CSM: That’s just part of the game.
WMM: It’s not a game, for God’s sake!
CSM: Sure it is. It’s all a game. You just take their pieces, one by one until the board is clear.

« It’s not a game, for God’s sake! » « Ce n’est pas un jeu, bon dieu ! » Combien de fois ai-je étouffé cette phrase rageuse dans ma gorge, depuis la fin des années 1990s ? Et ça ne s’arrange pas.

L’époque est aux jeux. Tout est jeu.

L’époque est à la légèreté. Et ça ne s’arrange pas. Année après année, je vois grandir l’écart entre la fiction de jeux multicolores et lumineux, et la réalité d’un monde monocolore et sombre. Et je vois avec effroi la facilité avec laquelle on peut se laisser aller à croire la fiction réelle — surtout les plus jeunes, évidemment, mais pas seulement, et même moi occasionnellement.

C’est tellement plus facile. C’est tellement plus beau, plus simple, plus rassurant. Il suffit d’y croire.

Tout est un jeu. Tout n’est qu’un jeu. Tout est un sport. Tout est un marché. Tout est cool. Tout est fun.
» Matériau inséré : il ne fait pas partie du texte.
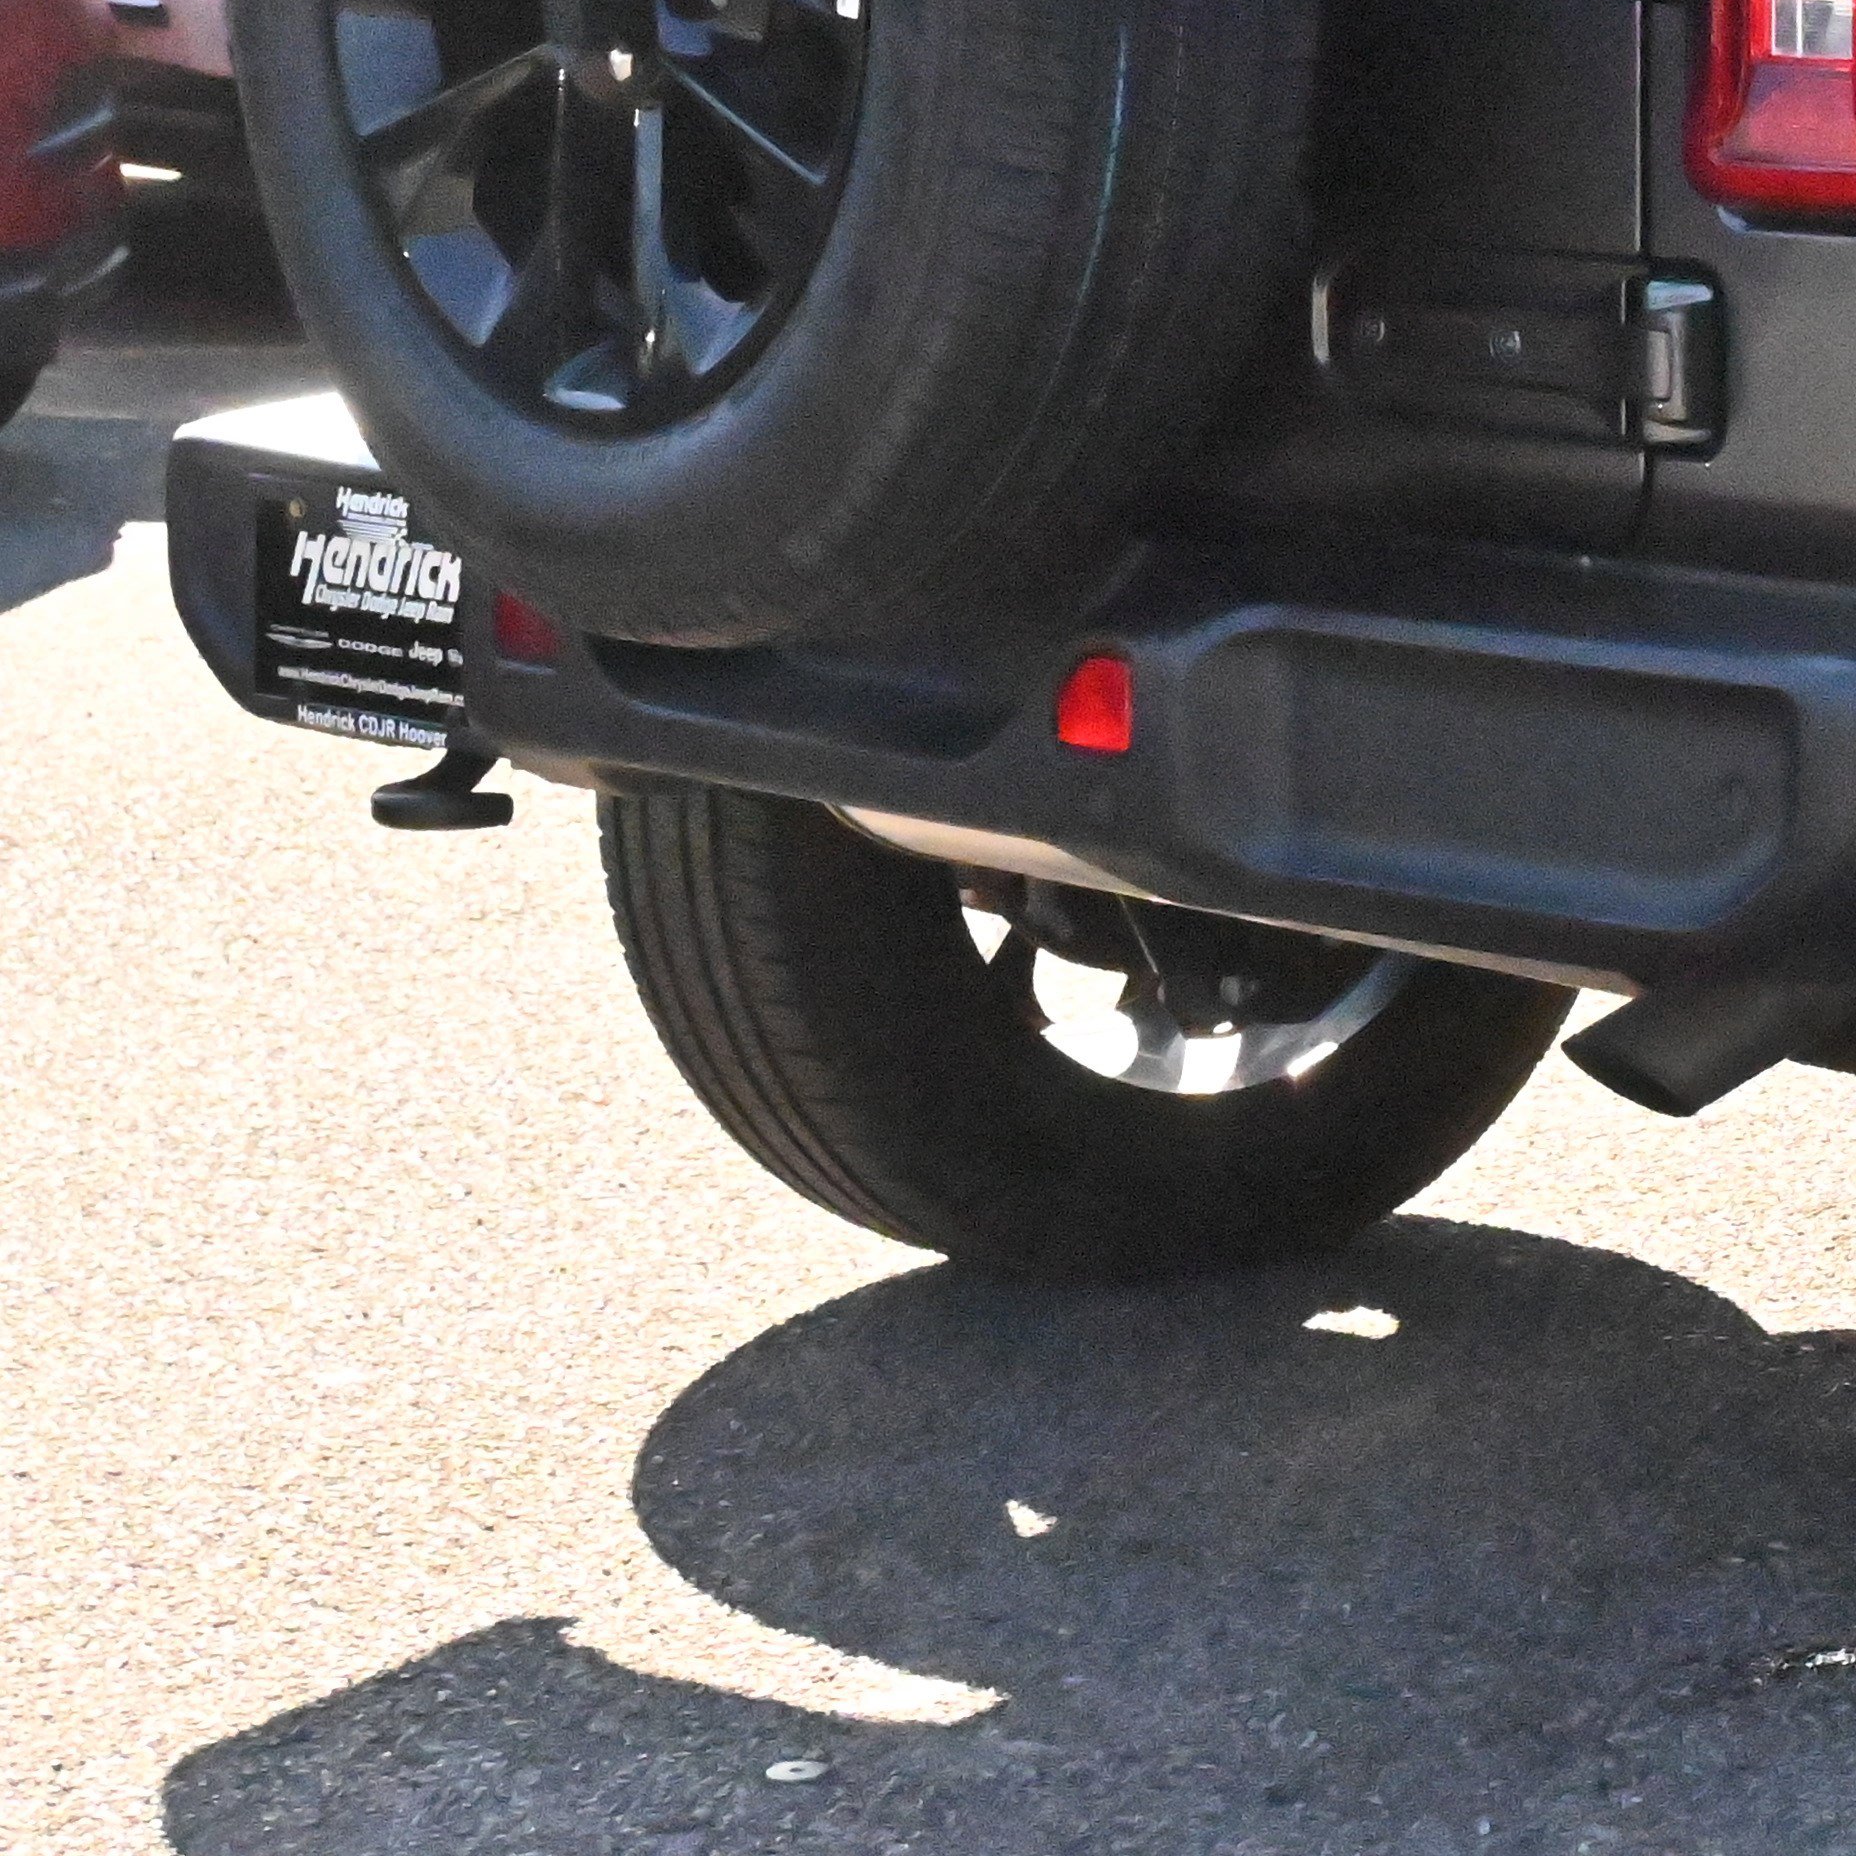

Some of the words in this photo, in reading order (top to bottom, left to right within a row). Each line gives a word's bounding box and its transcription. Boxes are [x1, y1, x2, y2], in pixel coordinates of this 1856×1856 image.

[335, 485, 410, 518] Hendrick
[290, 530, 463, 605] Hendrick
[408, 640, 443, 667] Jeep
[297, 704, 356, 733] Hendrick
[358, 714, 396, 740] CDJR
[399, 723, 448, 748] Hoover
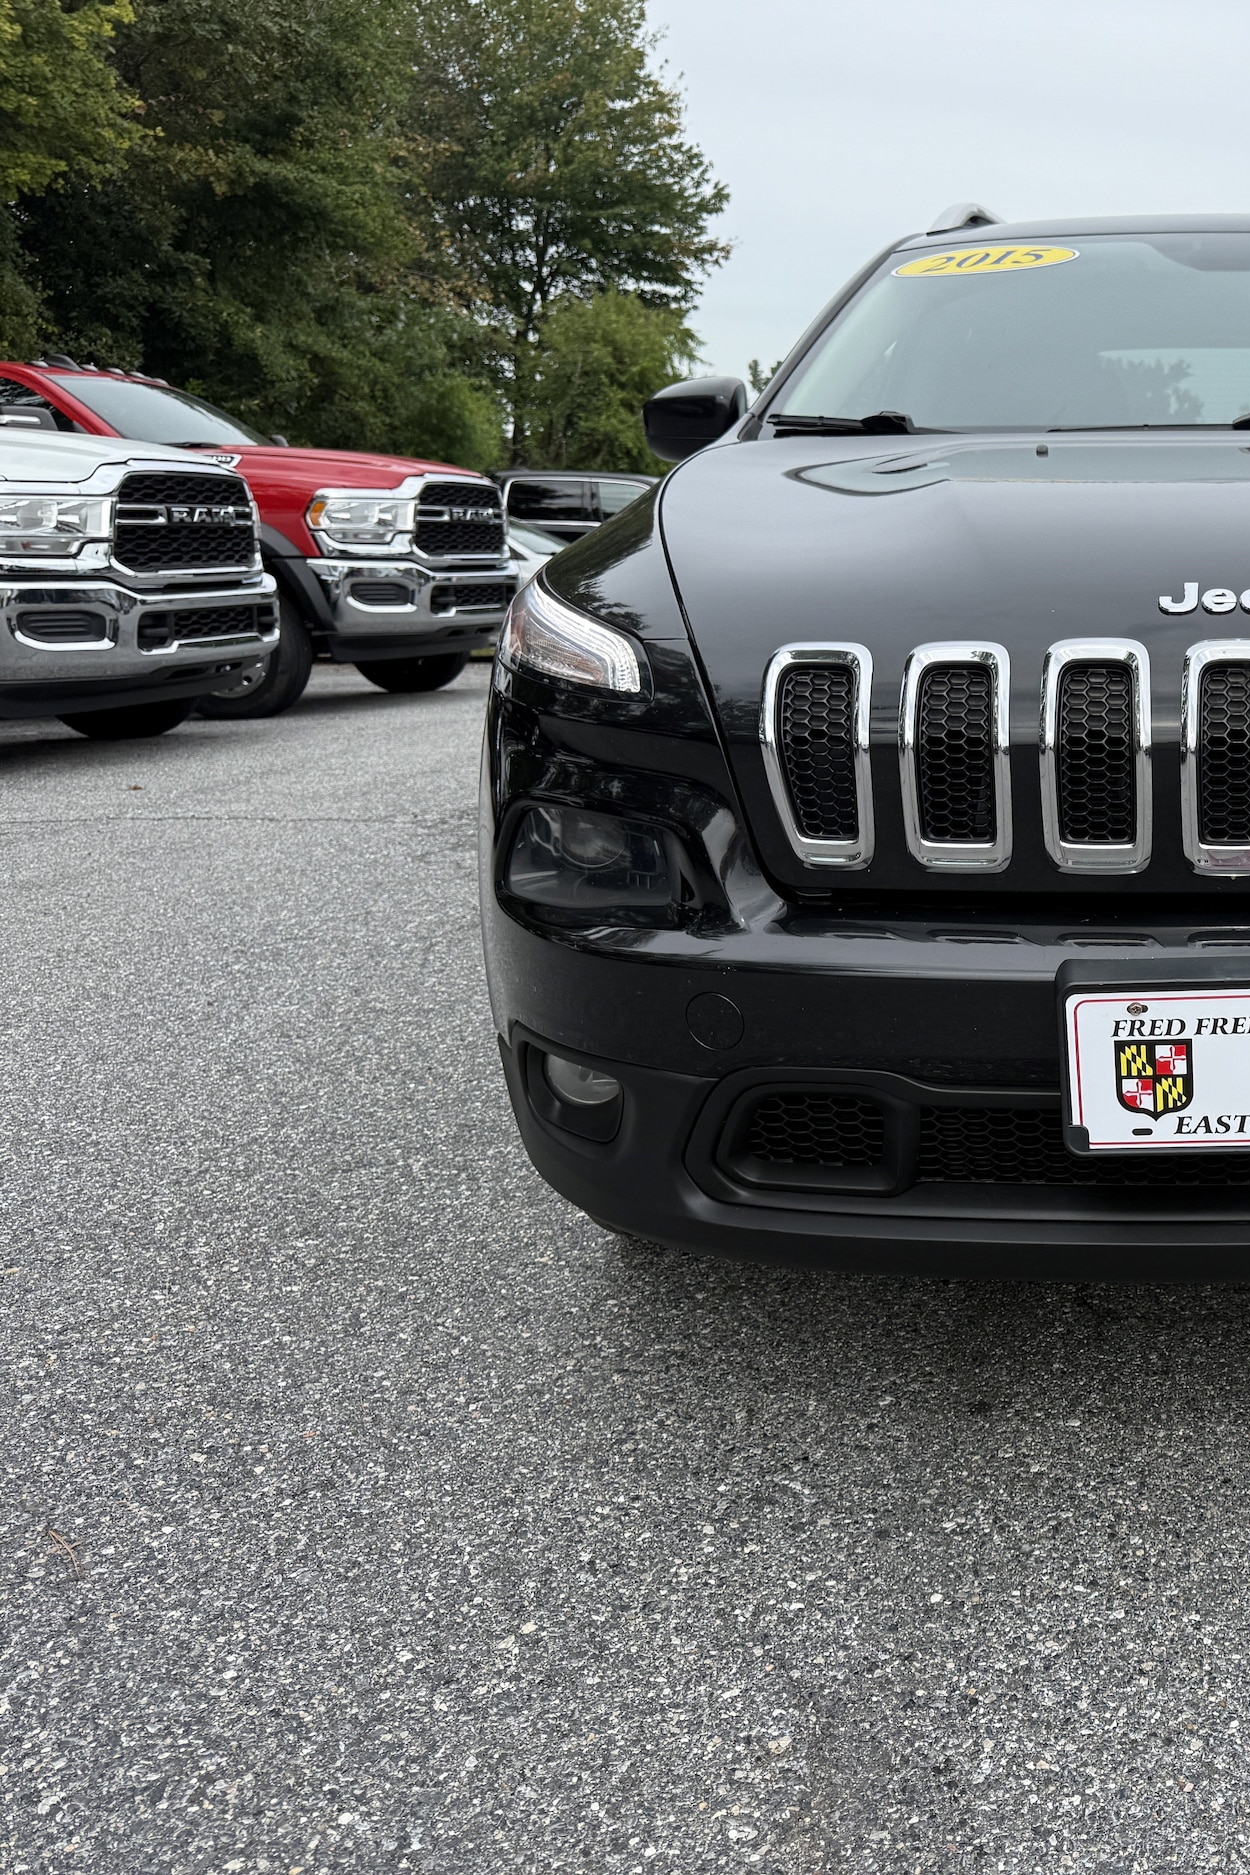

L’économie n’est qu’un jeu. Le travail n’est qu’un jeu. La vie n’est qu’un jeu. C’est cool, non ?

Il y a une très belle page Wikipedia sur le néologisme anglais « gamification » , mot que j’abhorre depuis longtemps.

Gamification is the application of game-design elements and game principles in non-game contexts. Gamification commonly employs game design elements which are used in so called non-game contexts in attempts to improve user engagement, organizational productivity, flow, learning, crowdsourcing, employee recruitment and evaluation, ease of use and usefulness of systems, physical exercise, traffic violations, and voter apathy, among others.

J’ignorais qu’on dit « ludification » en français. Et je découvre que « disneyfication » existe aussi pour Wikipedia. On progresse.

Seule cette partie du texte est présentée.